**Problem requirements**
Give the records again word for word. Leave every picture out.

**Data provided**
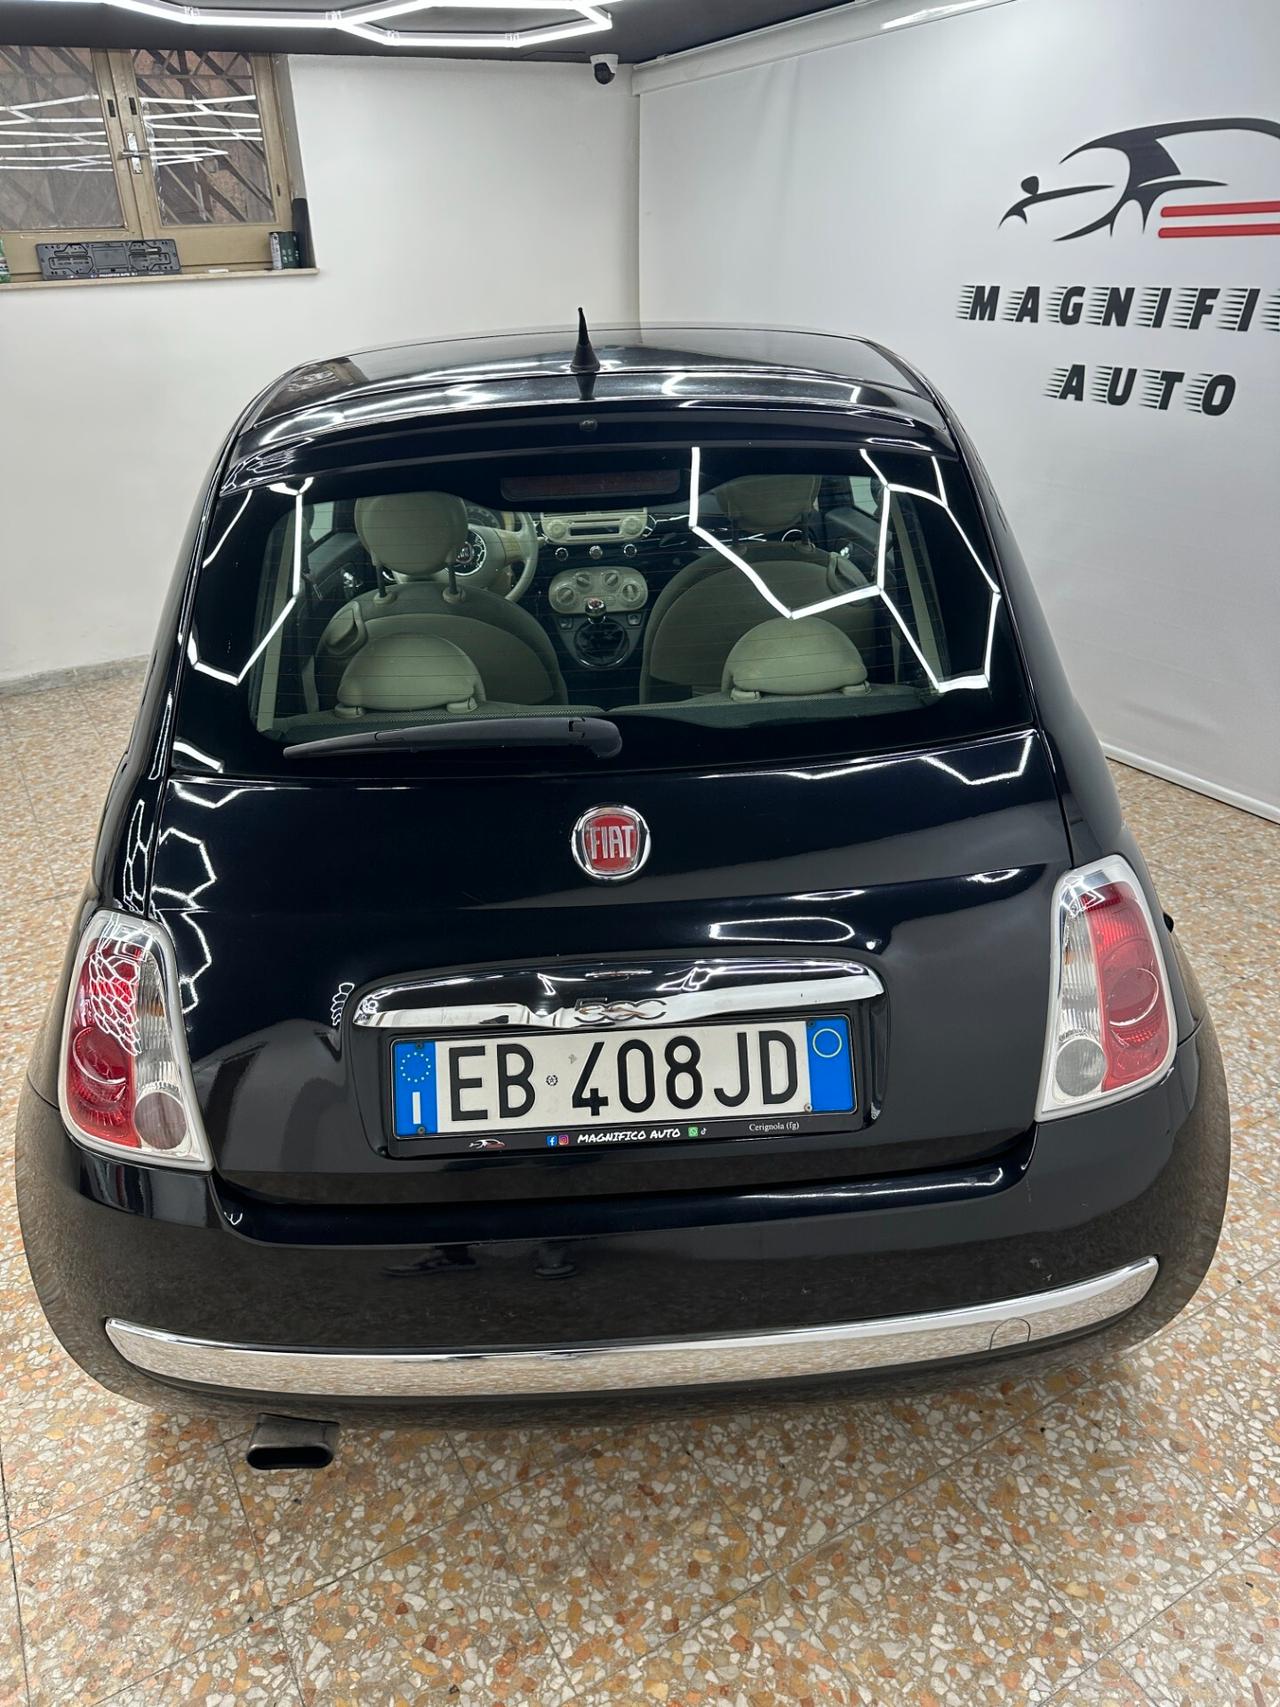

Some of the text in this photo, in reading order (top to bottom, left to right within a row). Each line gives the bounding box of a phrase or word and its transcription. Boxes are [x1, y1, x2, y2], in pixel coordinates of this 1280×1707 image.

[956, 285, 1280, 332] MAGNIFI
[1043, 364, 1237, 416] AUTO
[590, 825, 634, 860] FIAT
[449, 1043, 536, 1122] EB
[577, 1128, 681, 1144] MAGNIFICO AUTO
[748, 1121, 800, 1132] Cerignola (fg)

**Task answer**
Some of the text in this photo, in reading order (top to bottom, left to right within a row). Each line gives the bounding box of a phrase or word and its transcription. Boxes are [x1, y1, x2, y2], in pixel coordinates of this 1280×1707 image.

[956, 285, 1280, 332] MAGNIFI
[1043, 364, 1237, 416] AUTO
[590, 825, 634, 860] FIAT
[449, 1043, 536, 1122] EB
[577, 1128, 681, 1144] MAGNIFICO AUTO
[748, 1121, 800, 1132] Cerignola (fg)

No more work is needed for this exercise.